(RECORDS)

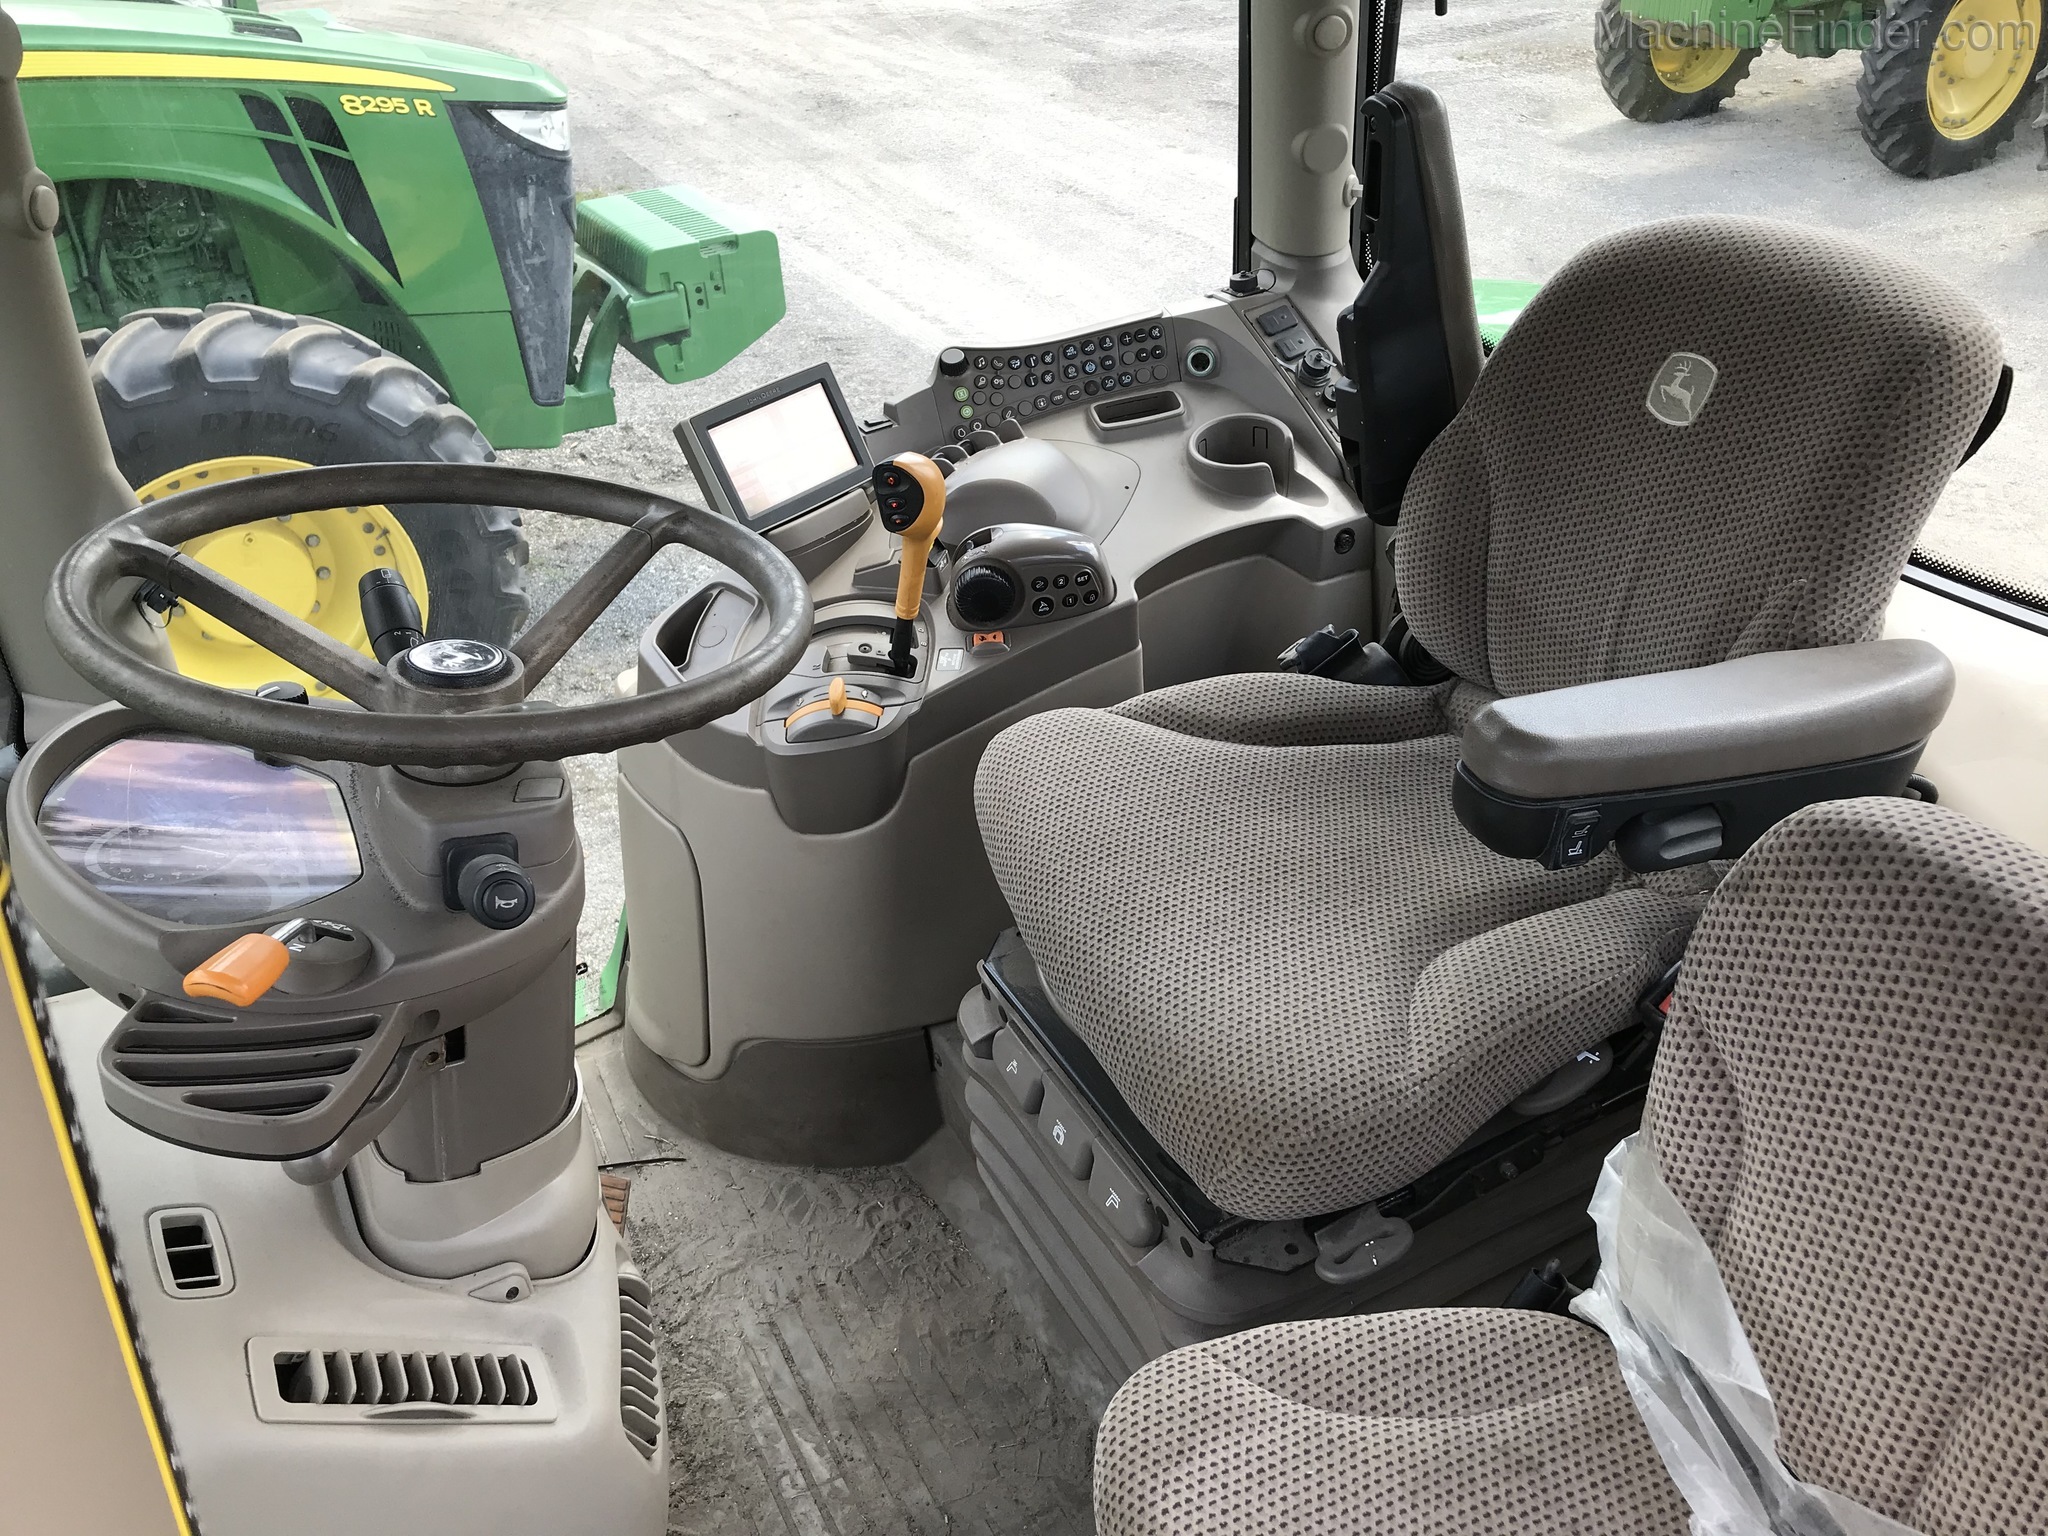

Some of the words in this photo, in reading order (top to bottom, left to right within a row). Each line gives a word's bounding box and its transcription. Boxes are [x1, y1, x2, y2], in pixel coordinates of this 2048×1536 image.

[340, 94, 410, 116] 8295
[413, 98, 436, 117] R
[1077, 575, 1089, 583] SET
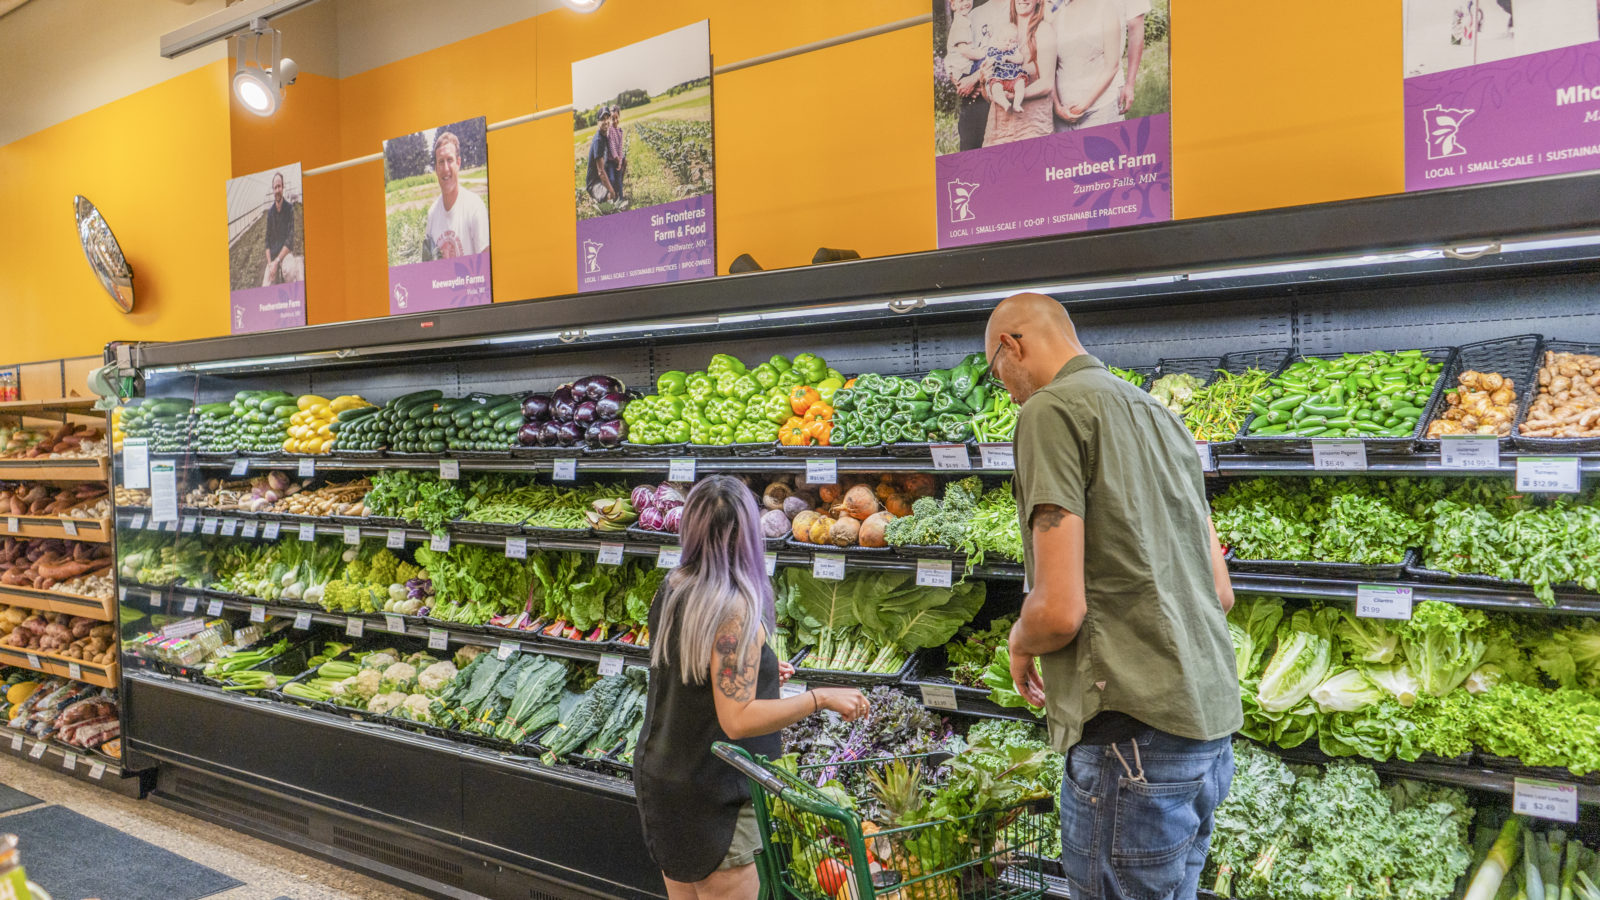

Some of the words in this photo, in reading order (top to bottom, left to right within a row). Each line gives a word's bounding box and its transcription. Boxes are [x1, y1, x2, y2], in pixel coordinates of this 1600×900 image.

[1045, 157, 1115, 182] Heartbeet
[1118, 153, 1156, 170] Farm
[1425, 166, 1456, 180] LOCAL
[1467, 154, 1534, 173] SMALL-SCALE
[1546, 144, 1600, 162] SUSTAINA
[1073, 181, 1111, 194] Zumbro
[1112, 176, 1136, 188] Falls,
[1139, 172, 1158, 185] MN
[650, 213, 664, 227] Sin
[665, 208, 706, 224] Fronteras
[949, 228, 969, 238] LOCAL
[975, 221, 1017, 235] SMALL-SCALE
[1023, 217, 1045, 228] CO-OP
[1052, 209, 1098, 224] SUSTAINABLE
[1098, 204, 1138, 217] PRACTICES
[654, 229, 676, 242] Farm
[677, 226, 683, 238] &
[684, 221, 706, 236] Food
[465, 274, 485, 284] Farms
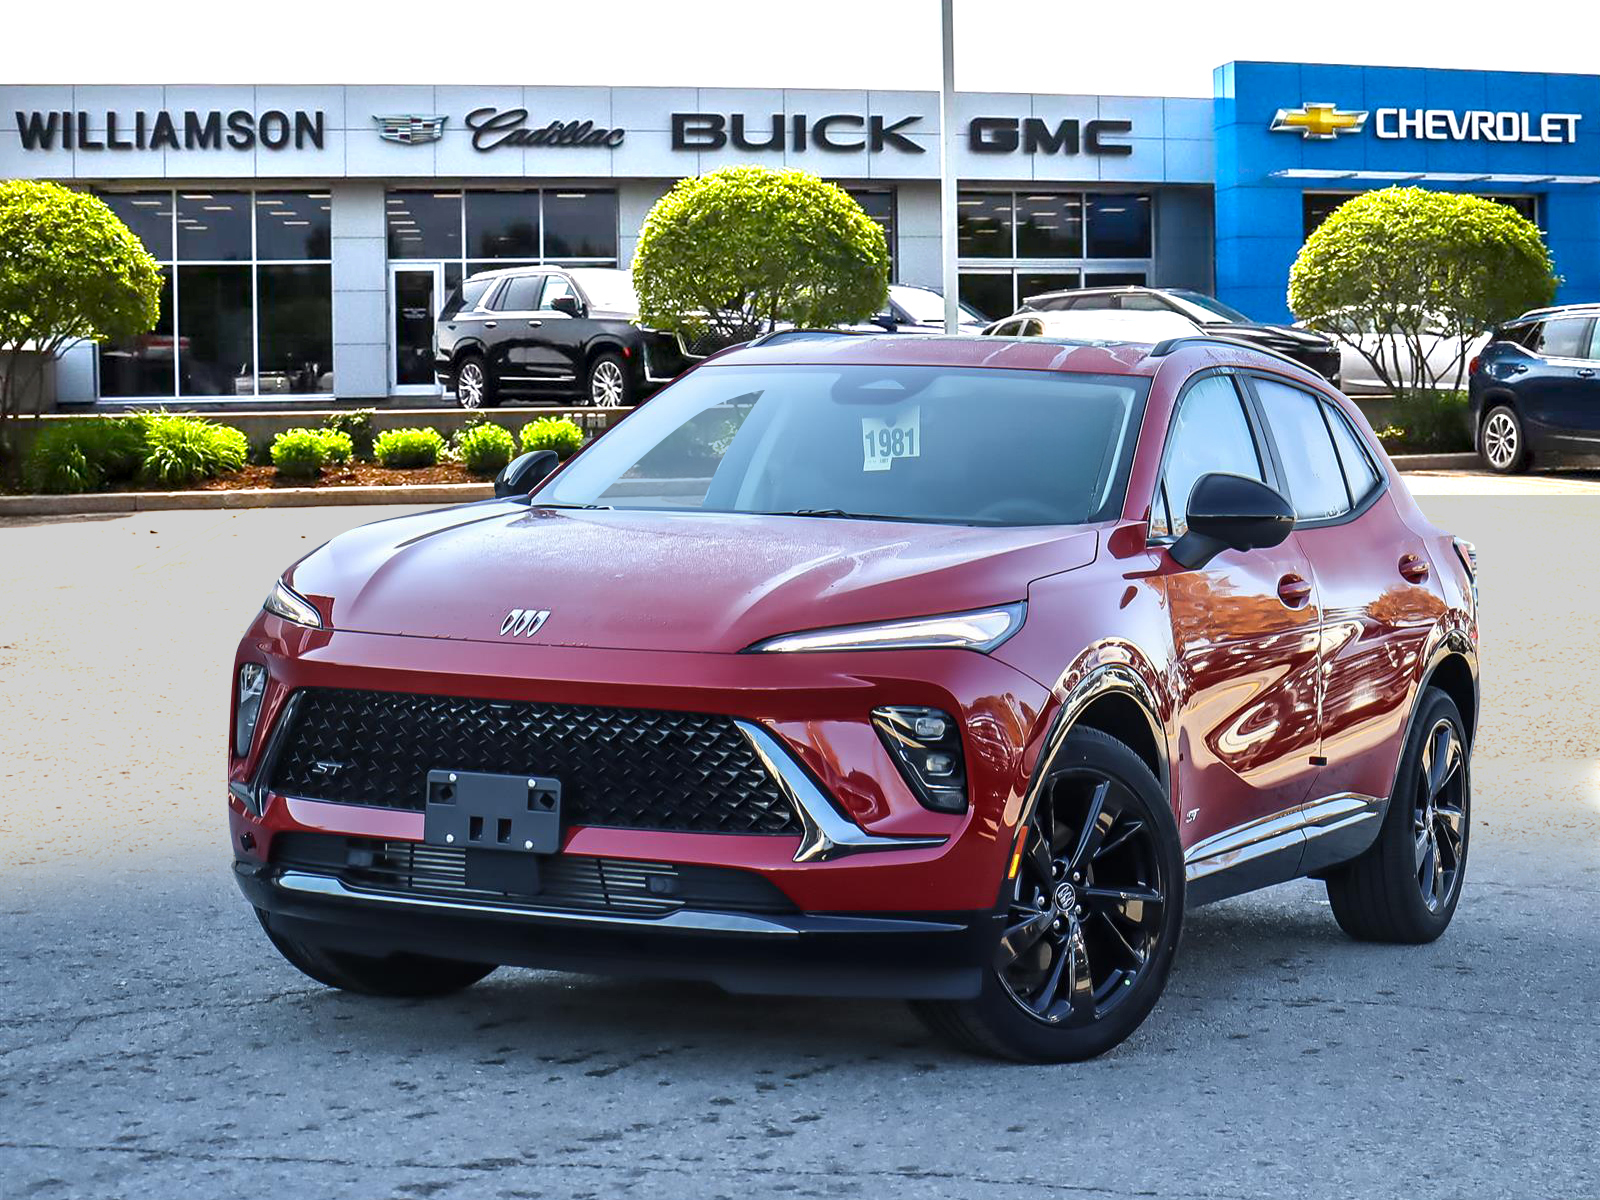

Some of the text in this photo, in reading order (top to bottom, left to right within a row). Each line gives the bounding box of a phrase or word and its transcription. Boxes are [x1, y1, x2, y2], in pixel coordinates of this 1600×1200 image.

[16, 111, 324, 151] WILLIAMSON
[465, 107, 625, 152] Cadillac
[671, 113, 925, 153] BUICK
[970, 117, 1133, 155] GMC
[1375, 108, 1582, 144] CHEVROLET
[865, 428, 914, 457] 1981
[312, 761, 342, 775] ST

(End RECORDS)

Give all the lines above again, character for character, without pictures.

▶ **TASK ANSWER**:
Some of the words in this photo, in reading order (top to bottom, left to right within a row). Each line gives a word's bounding box and its transcription. Boxes are [x1, y1, x2, y2], in pixel coordinates of this 2048×1536 image.

[340, 94, 410, 116] 8295
[413, 98, 436, 117] R
[1077, 575, 1089, 583] SET

Some of the words in this photo, in reading order (top to bottom, left to right within a row). Each line gives a word's bounding box and its transcription. Boxes are [x1, y1, x2, y2], in pixel coordinates of this 1600×900 image.

[1045, 157, 1115, 182] Heartbeet
[1118, 153, 1156, 170] Farm
[1425, 166, 1456, 180] LOCAL
[1467, 154, 1534, 173] SMALL-SCALE
[1546, 144, 1600, 162] SUSTAINA
[1073, 181, 1111, 194] Zumbro
[1112, 176, 1136, 188] Falls,
[1139, 172, 1158, 185] MN
[650, 213, 664, 227] Sin
[665, 208, 706, 224] Fronteras
[949, 228, 969, 238] LOCAL
[975, 221, 1017, 235] SMALL-SCALE
[1023, 217, 1045, 228] CO-OP
[1052, 209, 1098, 224] SUSTAINABLE
[1098, 204, 1138, 217] PRACTICES
[654, 229, 676, 242] Farm
[677, 226, 683, 238] &
[684, 221, 706, 236] Food
[465, 274, 485, 284] Farms

Some of the text in this photo, in reading order (top to bottom, left to right within a row). Each line gives the bounding box of a phrase or word and its transcription. Boxes are [x1, y1, x2, y2], in pixel coordinates of this 1600×1200 image.

[16, 111, 324, 151] WILLIAMSON
[465, 107, 625, 152] Cadillac
[671, 113, 925, 153] BUICK
[970, 117, 1133, 155] GMC
[1375, 108, 1582, 144] CHEVROLET
[865, 428, 914, 457] 1981
[312, 761, 342, 775] ST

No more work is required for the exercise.